No one had ever said something like that about me before. And they believed you,
let you show me the ropes, teach me what it really means to be a Marine. You were
a good soldier, the best, and you cared about all of us, even that little dick, Panelli.
I’ll never forget how before we went out each day, you’d tell everyone in our squad
that we were cocksuckers and we better not die or we’d have to look up from hell and
watch you screwing our sisters and wives and even our mothers. So most of us,
most of us
, didn’t get dead. Chess and you taking a picture of me reading
Slaughterhouse-Five,
telling me I’d need proof someday because nobody in Creek View would ever believe
I had actually read a goddamn book, let alone five. Talking about God and why there’s
evil in the world and bitching because the Steelers won the Super Bowl. Camp Leatherneck,
me not missing home at all and you missing it like crazy, always talking about going
to college and how when you had leave you were gonna marry Hannah. And you wanted
kids, and I said I didn’t because people like me, we just end up disappointing one
another and I’d probably be like my dad, and you told me I had to get over it, get
over my dad and my mom and how screwed up everything is because you said,
Josh, you’re gonna have it all. I know it. You’re gonna have it all.
And for the first time, I’m almost believing that.

 

chapter twenty-two

“Okay, so remember, the queen is the best piece. You gotta guard her with your life.”

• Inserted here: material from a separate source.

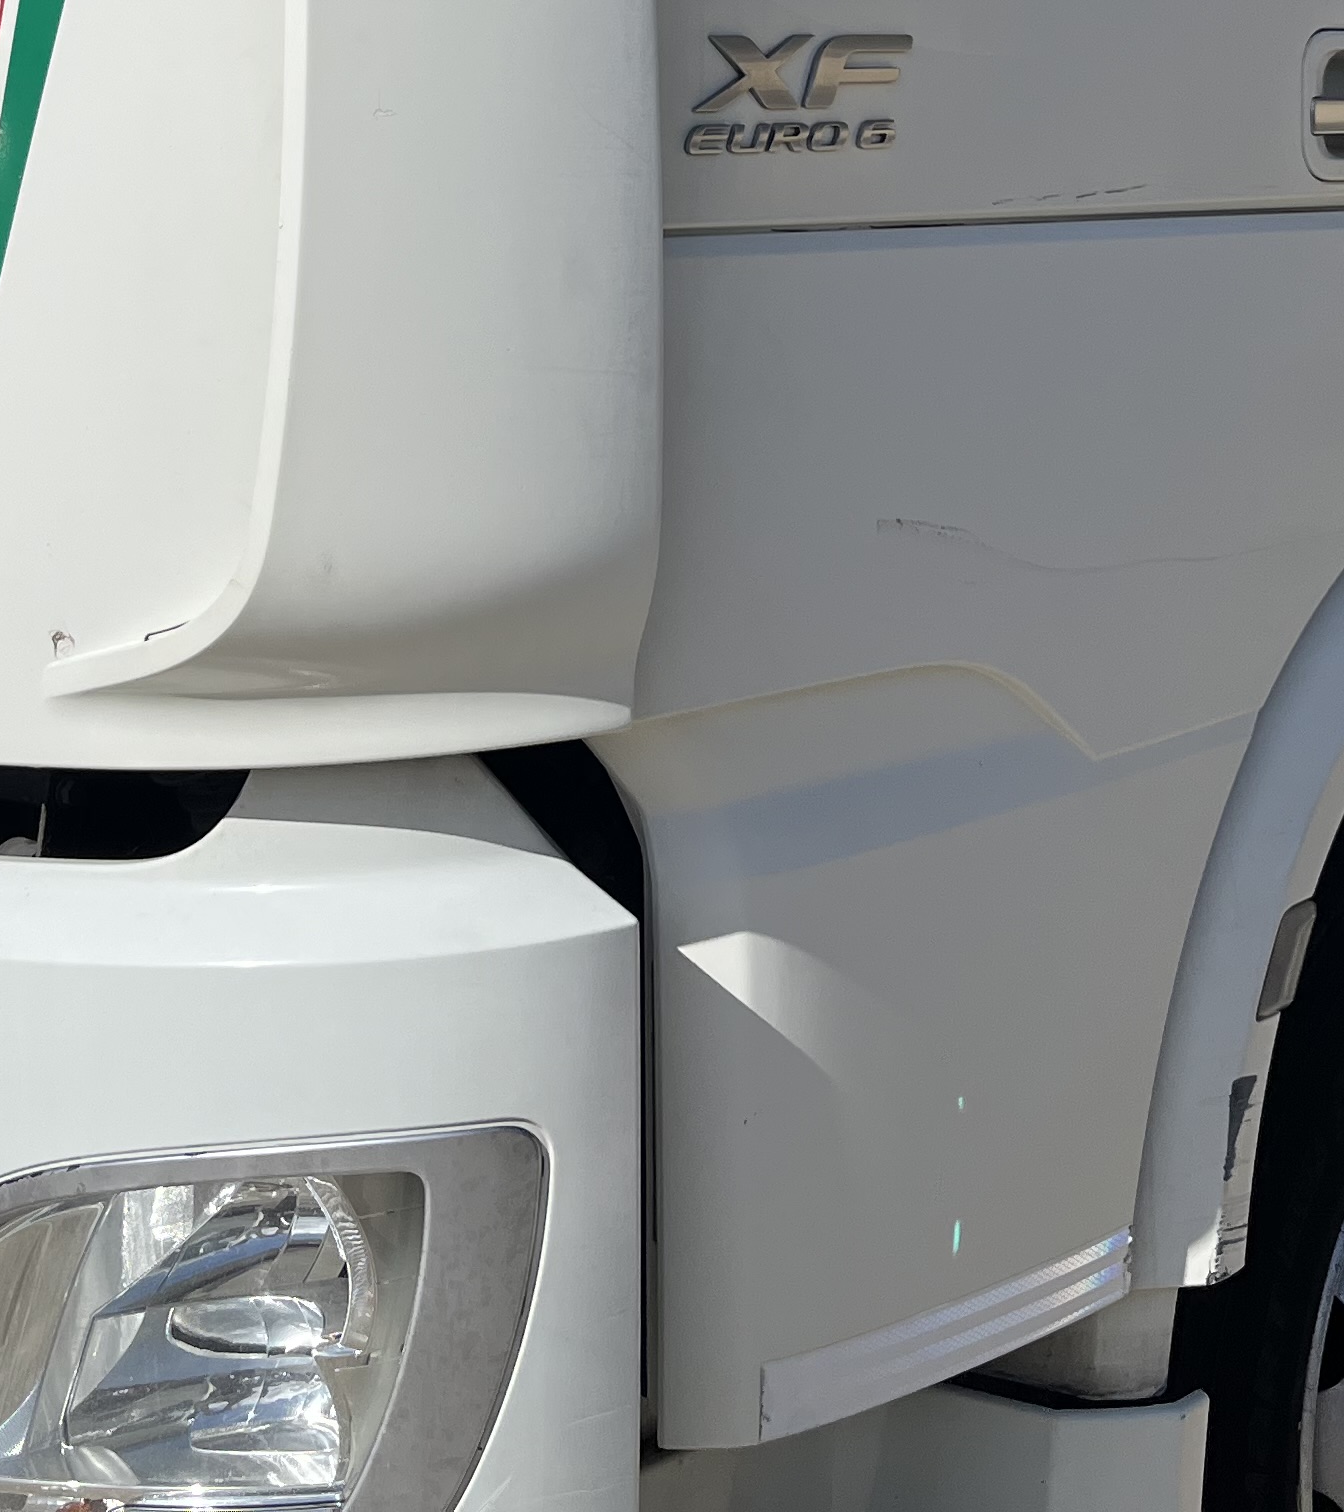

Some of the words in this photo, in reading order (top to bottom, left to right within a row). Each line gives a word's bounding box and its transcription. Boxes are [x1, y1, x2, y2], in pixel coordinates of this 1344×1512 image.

[690, 33, 915, 114] XF
[683, 120, 850, 156] EURO
[855, 118, 897, 150] 6

Josh was pointing to the carved chess piece on the board in front of me, and I nodded,
trying to keep all the rules he’d taught me in mind. Playing chess by the pool had
become this thing we did every few days, when it was almost twilight and the heat
of the day had dwindled to a bearable warmth. It was one of those perfect summer evenings—the
sky looked like someone had thrown a can of pink paint onto it, and the crickets were
playing their reedy symphony. One of my baskets of strawberries sat between us, washed
and still warm from the sun, and if I leaned forward, I could catch a bit of their
sweetness in the air. But I couldn’t look at them without thinking about everything
that had gone down with Chris and Dylan. It’d only been a few hours, but the fact
that neither of them had called didn’t bode well.